• **The data**

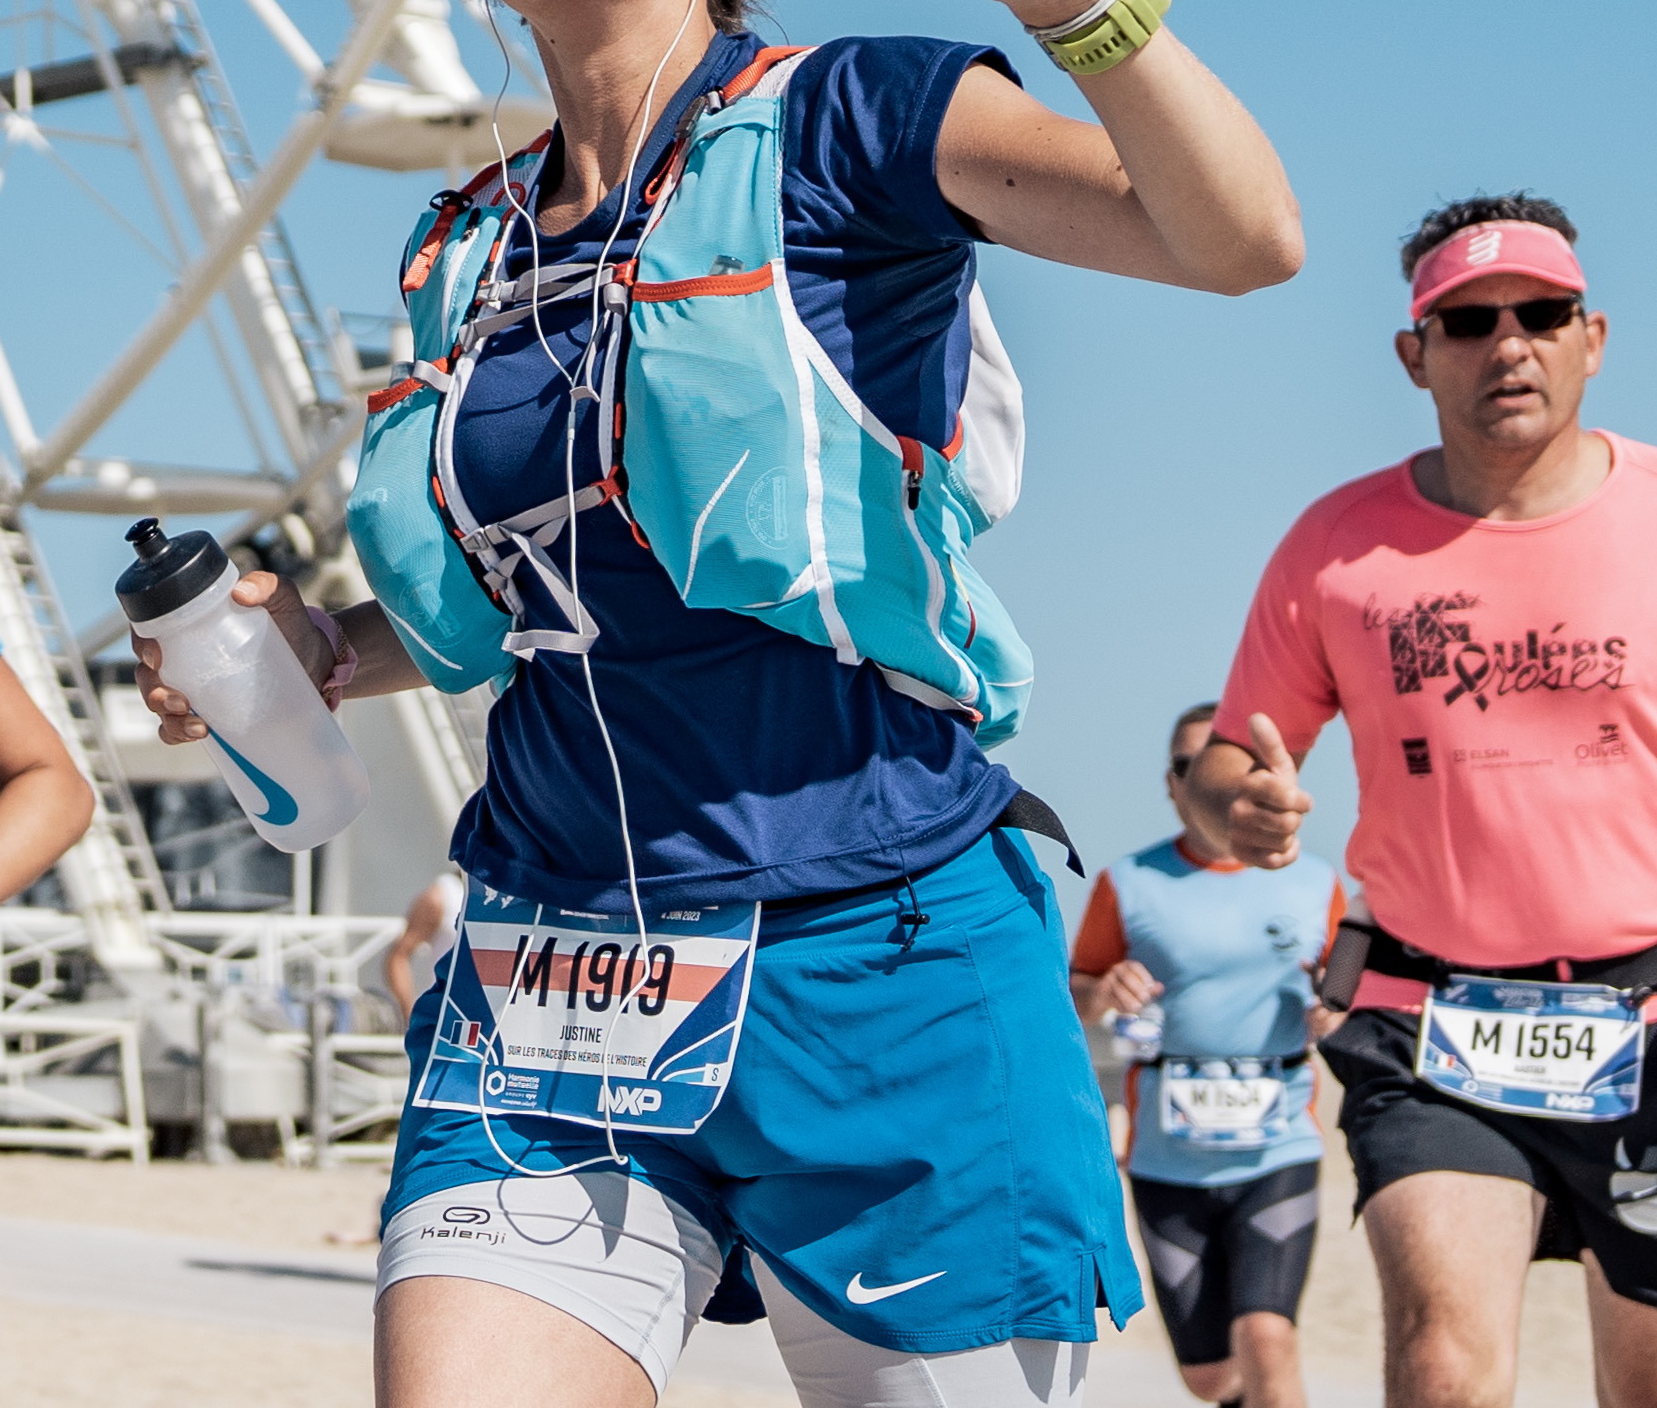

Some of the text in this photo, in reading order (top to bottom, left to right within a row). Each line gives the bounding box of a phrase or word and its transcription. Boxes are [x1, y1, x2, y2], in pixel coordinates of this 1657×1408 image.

[1575, 741, 1628, 760] Olivet
[682, 911, 701, 922] 2023
[509, 935, 675, 1015] M 1919
[559, 1025, 602, 1043] JUSTINE
[1471, 1020, 1595, 1061] M 1554
[507, 1045, 522, 1056] SUR
[523, 1046, 535, 1058] LES
[536, 1048, 563, 1061] TRACES
[563, 1050, 577, 1061] DES
[712, 1068, 719, 1082] S
[597, 1085, 662, 1116] NXP
[421, 1226, 507, 1245] Kalenji

• **Task objective**
Without copying any picture, repeat all of the entries exactly.

• **Solution to this problem**
Some of the text in this photo, in reading order (top to bottom, left to right within a row). Each line gives the bounding box of a phrase or word and its transcription. Boxes are [x1, y1, x2, y2], in pixel coordinates of this 1657×1408 image.

[1575, 741, 1628, 760] Olivet
[682, 911, 701, 922] 2023
[509, 935, 675, 1015] M 1919
[559, 1025, 602, 1043] JUSTINE
[1471, 1020, 1595, 1061] M 1554
[507, 1045, 522, 1056] SUR
[523, 1046, 535, 1058] LES
[536, 1048, 563, 1061] TRACES
[563, 1050, 577, 1061] DES
[712, 1068, 719, 1082] S
[597, 1085, 662, 1116] NXP
[421, 1226, 507, 1245] Kalenji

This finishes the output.